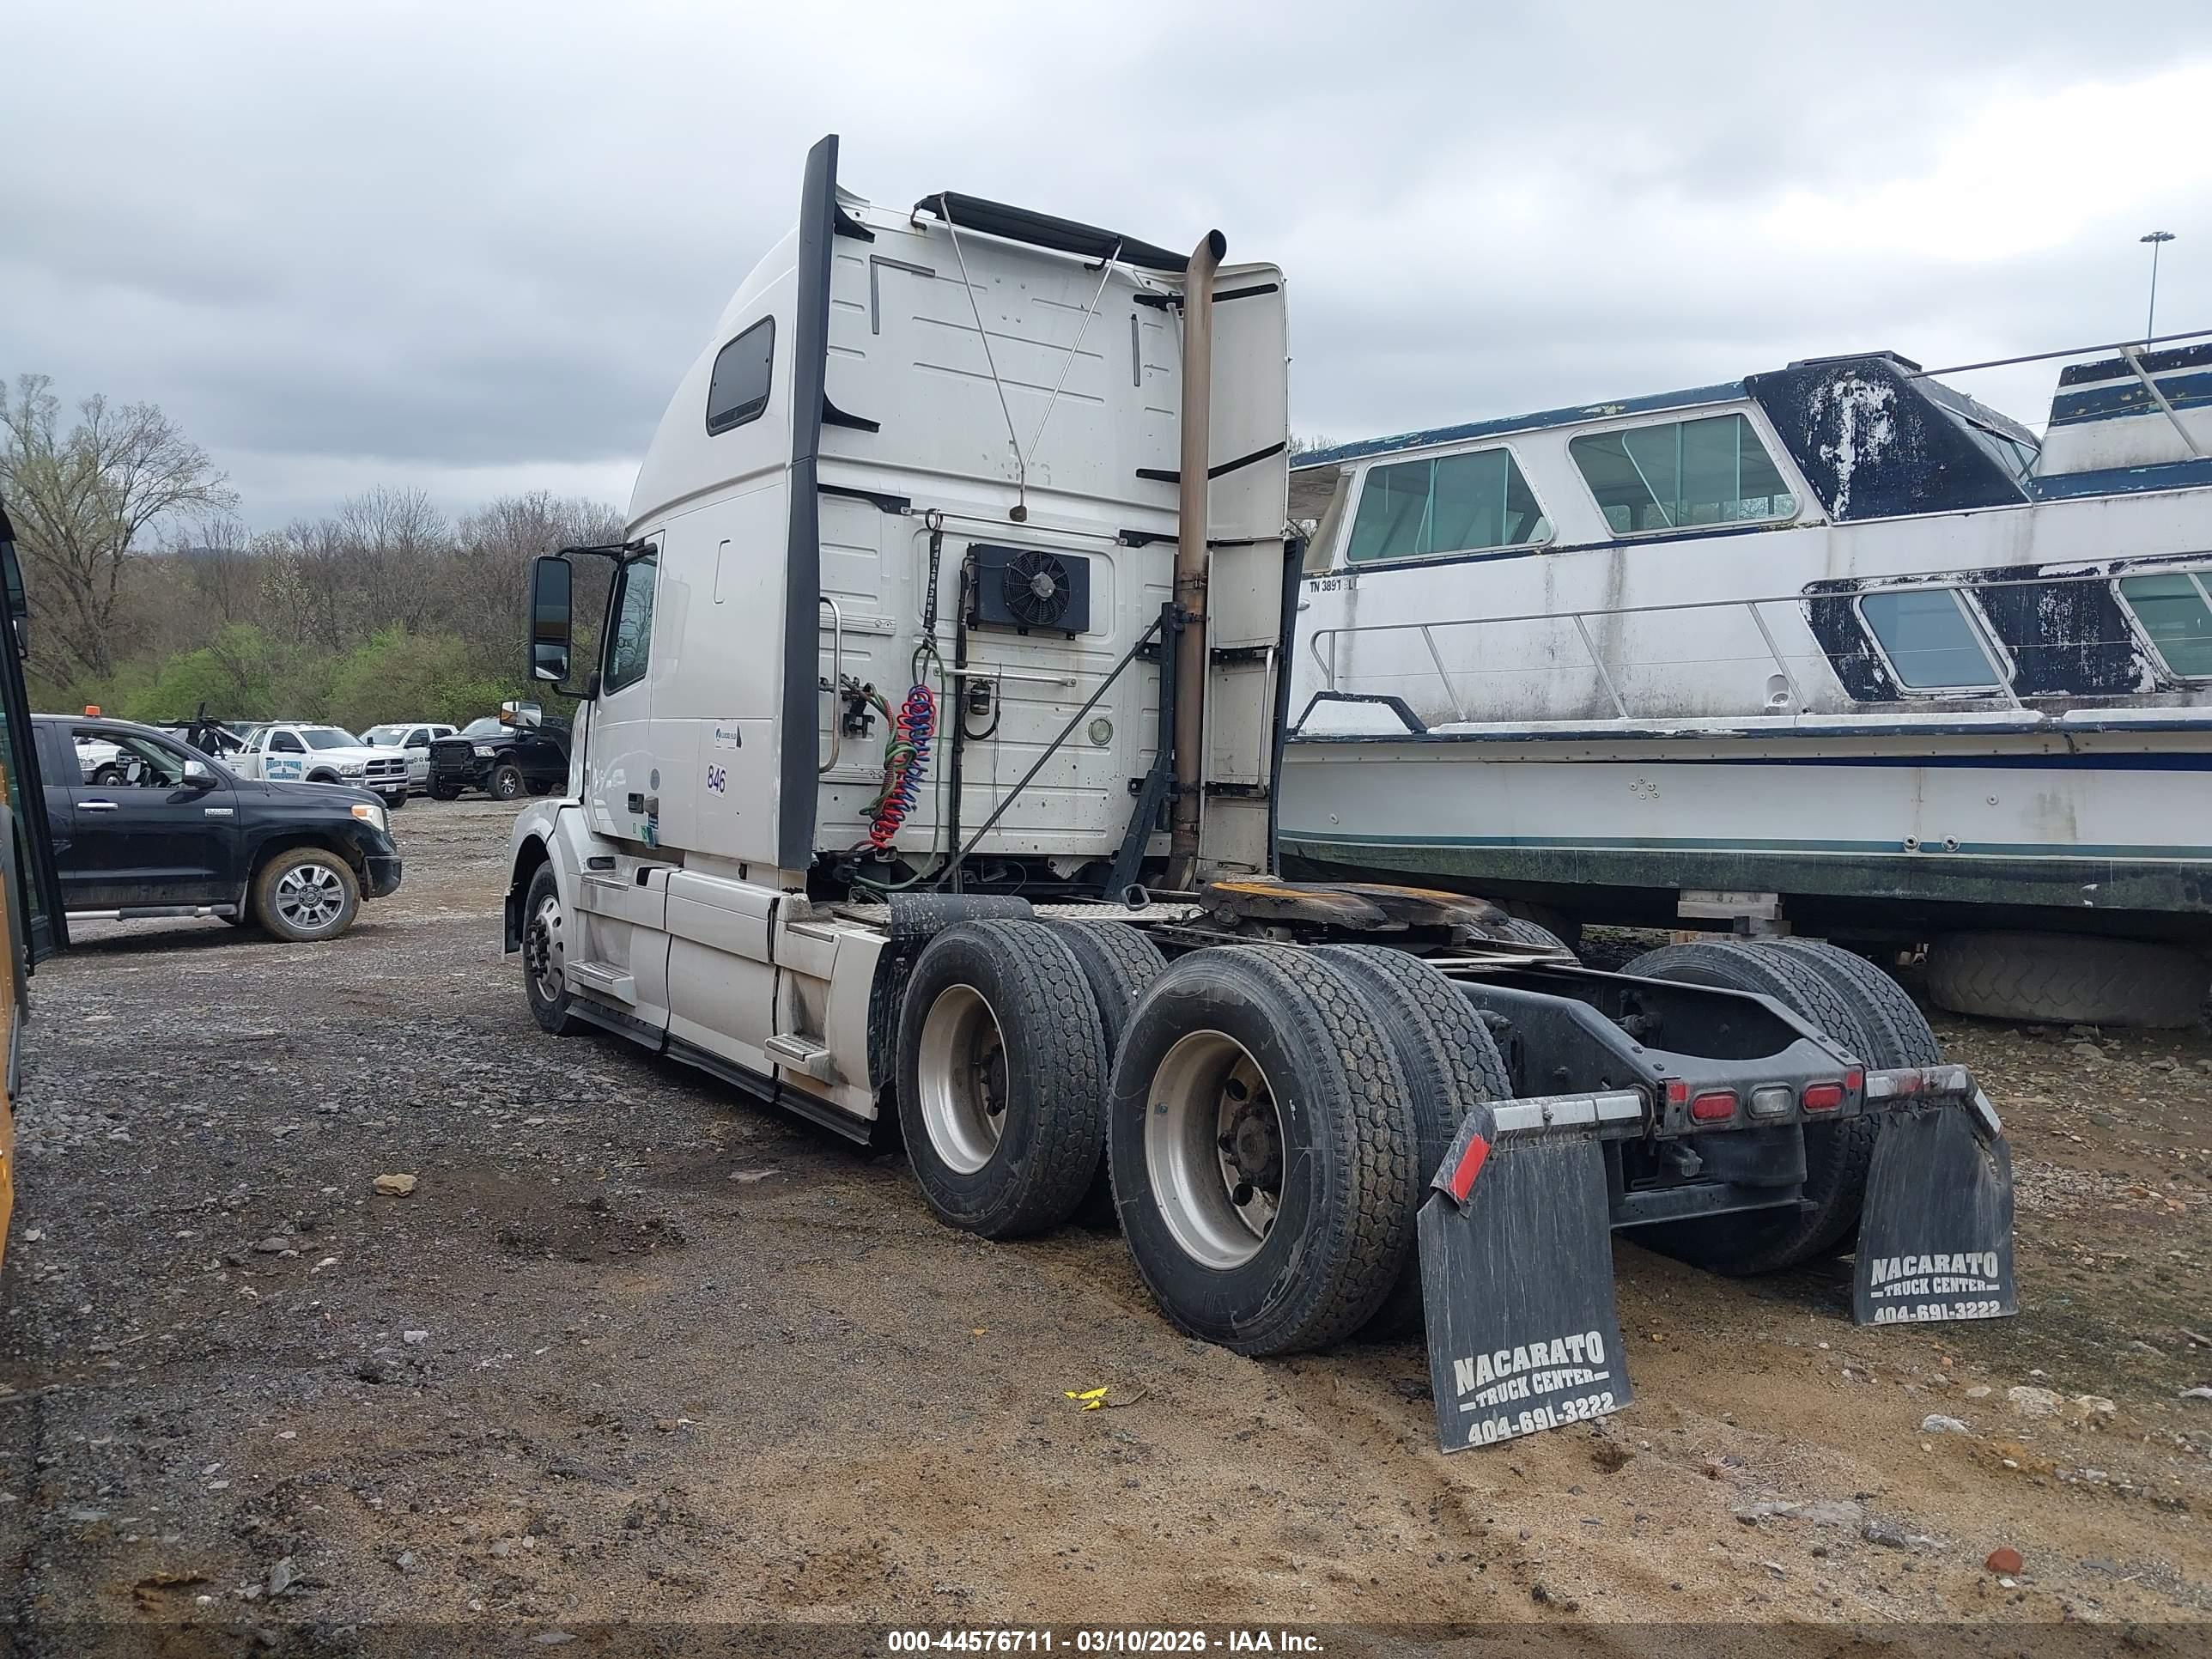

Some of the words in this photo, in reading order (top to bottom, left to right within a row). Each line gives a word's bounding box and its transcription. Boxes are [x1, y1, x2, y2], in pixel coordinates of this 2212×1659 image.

[1310, 581, 1320, 592] TN
[708, 765, 726, 793] 846
[1871, 1251, 1998, 1286] NACARATO
[1884, 1279, 1929, 1298] TRUCK
[1933, 1277, 1986, 1294] CENTER
[1874, 1300, 2001, 1322] 404-691-3222
[1454, 1330, 1605, 1397] NACARATO
[1475, 1376, 1530, 1408] TRUCK
[1532, 1369, 1595, 1395] CENTER
[1468, 1391, 1615, 1445] 404-691-3222

= = = = =

Exercise description
Repeat the listing above verbatim, but exclude the pictures it contains.

Output for this exercise
Some of the words in this photo, in reading order (top to bottom, left to right within a row). Each line gives a word's bounding box and its transcription. Boxes are [x1, y1, x2, y2], in pixel coordinates of this 2212×1659 image.

[1310, 581, 1320, 592] TN
[708, 765, 726, 793] 846
[1871, 1251, 1998, 1286] NACARATO
[1884, 1279, 1929, 1298] TRUCK
[1933, 1277, 1986, 1294] CENTER
[1874, 1300, 2001, 1322] 404-691-3222
[1454, 1330, 1605, 1397] NACARATO
[1475, 1376, 1530, 1408] TRUCK
[1532, 1369, 1595, 1395] CENTER
[1468, 1391, 1615, 1445] 404-691-3222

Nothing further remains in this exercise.